505 years ago today, a pirate and con artist bit the bullet. 13 years before that, he’d parked his boat and sealed his fate as a sing-song hero.
I vote we move Columbus Day to today, 5/20, and celebrate the day the world was rid of him.
Children’s Poem, Meet Truth
In fourteen hundred ninety-two
Columbus sailed the ocean blue.
(Well, that’s accurate).
He had three ships and left from Spain;
He sailed through sunshine, wind and rain.
(He’d just finished a tour-de-scamming)
He sailed by night; he sailed by day;
He used the stars to find his way.
(His way to a place that, when he died, he still thought was an entirely different continent.)
A compass also helped him know
How to find the way to go.
(“Let’s go east for a long time.” Breathtaking technique!)
Ninety sailors were on board;
Some men worked while others snored.
(Many of them dreamed of tossing Columbus overboard.)
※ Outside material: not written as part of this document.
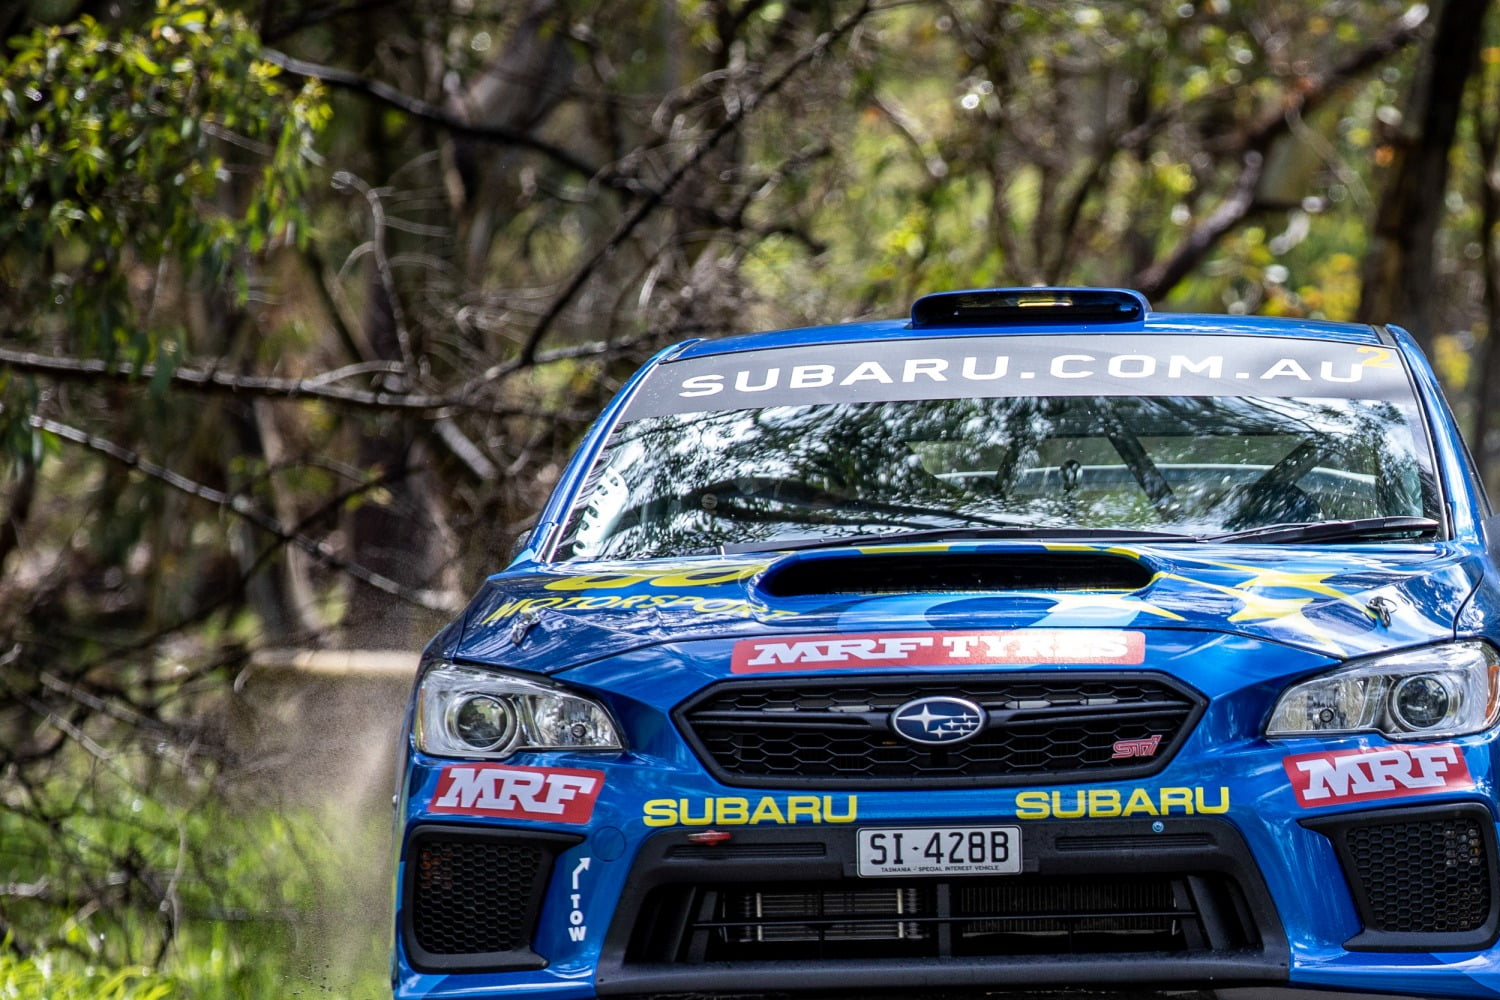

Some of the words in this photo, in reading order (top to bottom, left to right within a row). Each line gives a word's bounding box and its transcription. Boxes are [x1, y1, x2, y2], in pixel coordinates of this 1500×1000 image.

Then the workers went to sleep;
And others watched the ocean deep.
(If the sailors are asleep, who are the “others” watching? Creepy.)
Day after day they looked for land;
They dreamed of trees and rocks and sand.
October 12 their dream came true,
You never saw a happier crew!
(They were less than a day from making ole’ Chris turn around.)
“Indians! Indians!” Columbus cried;
His heart was filled with joyful pride.
(Psst…Chris…not Indians, dude.)
But “India” the land was not;
It was the Bahamas, and it was hot.
(Smocks and robes aren’t exactly beach attire.)
The Arakawa natives were very nice;
They gave the sailors food and spice.
(“Thanks for the grub! Here’s disease and slavery!”)
Columbus sailed on to find some gold
To bring back home, as he’d been told.
(If a native didn’t hand in the quota, he’d lose his hands–literally.)
He made the trip again and again,
Trading gold to bring to Spain.
(But paid most of his bills via the slave trade.)
The first American? No, not quite.
But Columbus was brave, and he was bright.
(It’s easy to be brave when you’re heartless.)
Good riddance, Christopher Columbus.